PS: Pay attention to
--full-test
. By default we truncate every test set to its first 100 instances.
They're all classification datasets that have been cleaned by the nice and kind folks who made the SetFit lib. But you can use any HF dataset provided it has these three fields: (i) text (str), (ii) label (int), and (iii) label_text (str).
Here's my results:
This table presents the results of this + the Active Learning Setup. Unless specified otherwise, we repeat each experiment 5 times. These numbers report the task accuracy when we had only 100 instances in the train set.

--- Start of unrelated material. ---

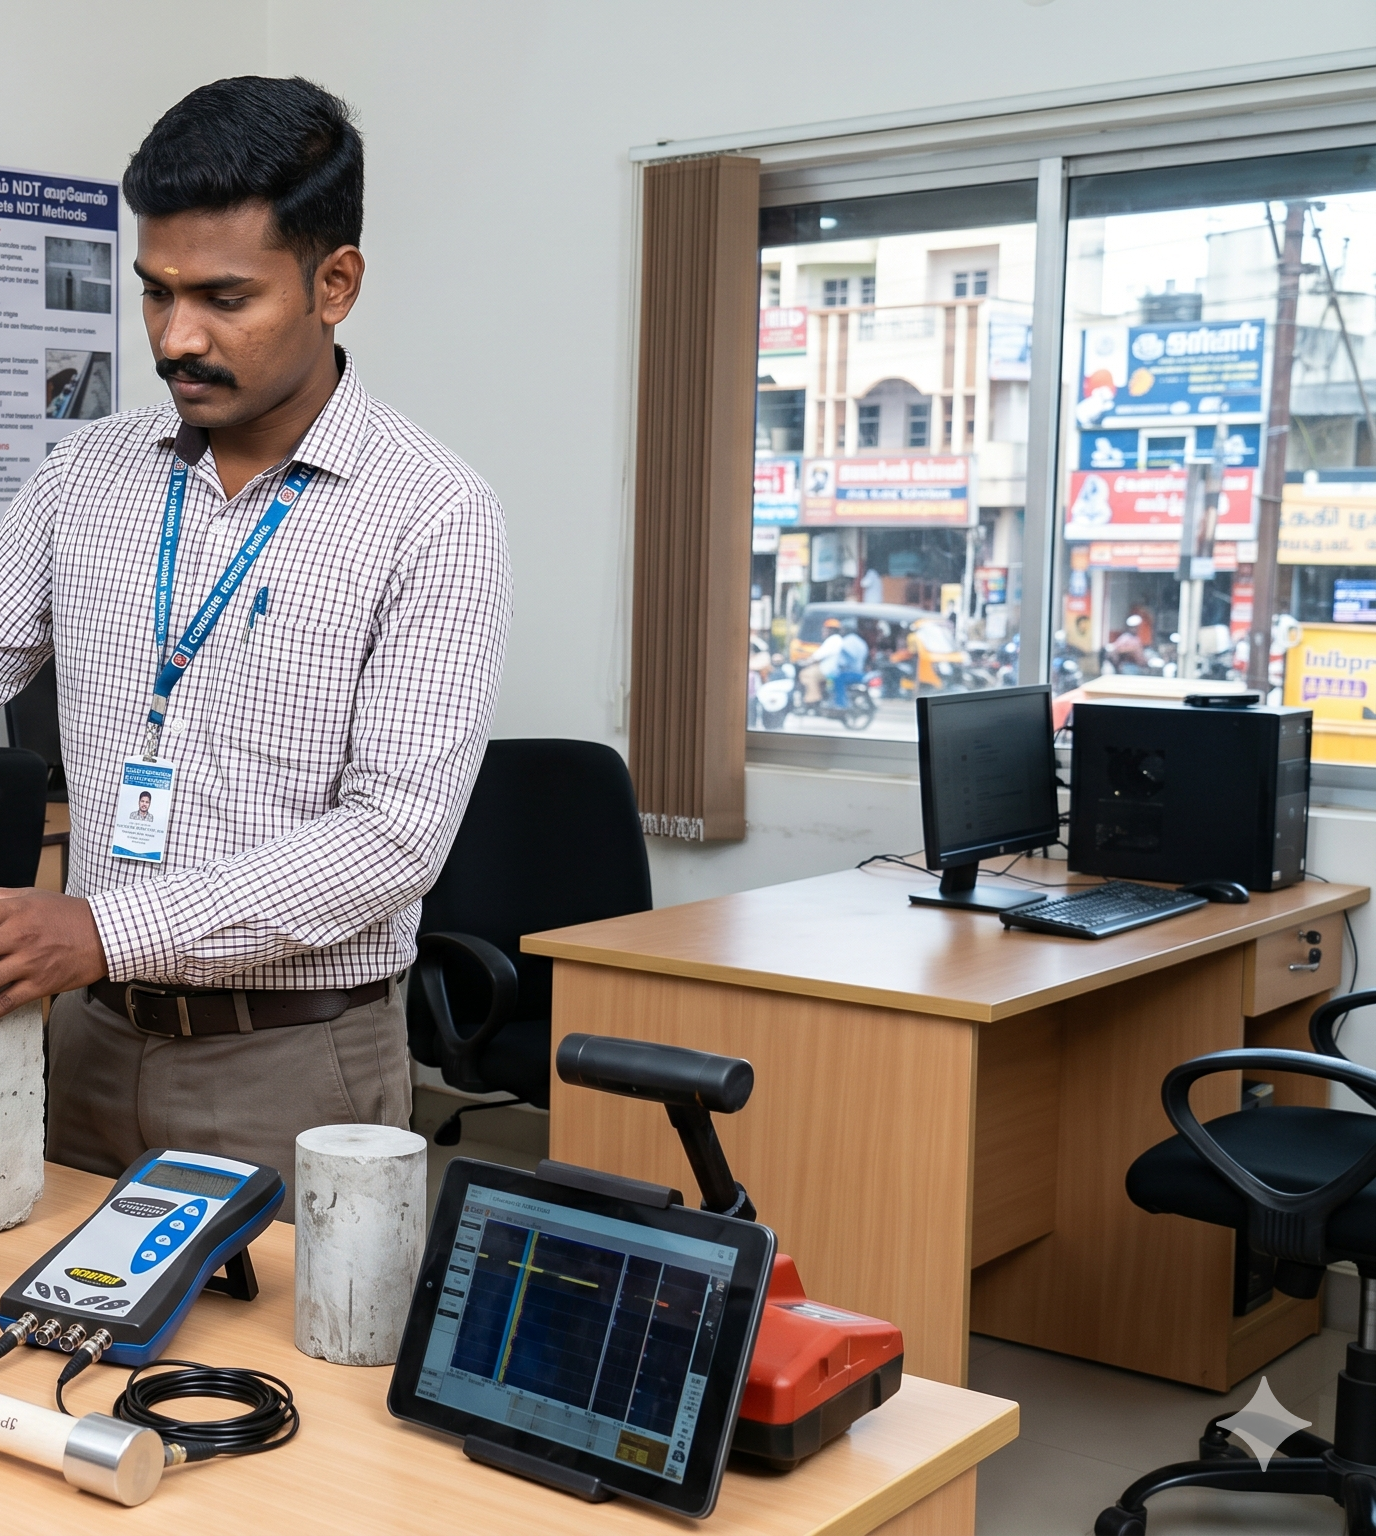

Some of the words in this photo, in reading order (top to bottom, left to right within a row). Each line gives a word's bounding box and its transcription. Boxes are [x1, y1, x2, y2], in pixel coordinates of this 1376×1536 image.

[12, 179, 42, 197] NDT
[16, 200, 40, 216] NDT
[42, 203, 87, 222] Methods

bbc-news | sst2 | SentEval-CR | imdb | enron_spam | |
---|---|---|---|---|---|
SetFit FT | 0.978 ± 0.004 | 0.860 ± 0.018 | 0.882 ± 0.029 | 0.924 ± 0.026 | 0.960 ± 0.017 |
No Contrastive SetFit FT | 0.932 ± 0.015 | 0.854 ± 0.019 | 0.886 ± 0.005 | 0.902 ± 0.019 | 0.942 ± 0.020 |
Regular FT | 0.466 ± 0.133 | 0.628 ± 0.098 | 0.582 ± 0.054 | 0.836 ± 0.166 | 0.776 ± 0.089 |
LLM Prompting | 0.950 ± 0.000 | 0.930 ± 0.000 | 0.900 ± 0.000 | 0.930 ± 0.000 | 0.820 ± 0.000 |
Constrastive AL | 0.980 ± 0.000 | 0.910 ± 0.000 | 0.910 ± 0.000 | 0.870 ± 0.000 | 0.980 ± 0.000 |
[1]: LLM Prompting is only done with 10 instances (actual prompt may contain less depending on length). Its also not repeated for different seeds.
[2]: Contrastive AL is also not repeated for different seeds.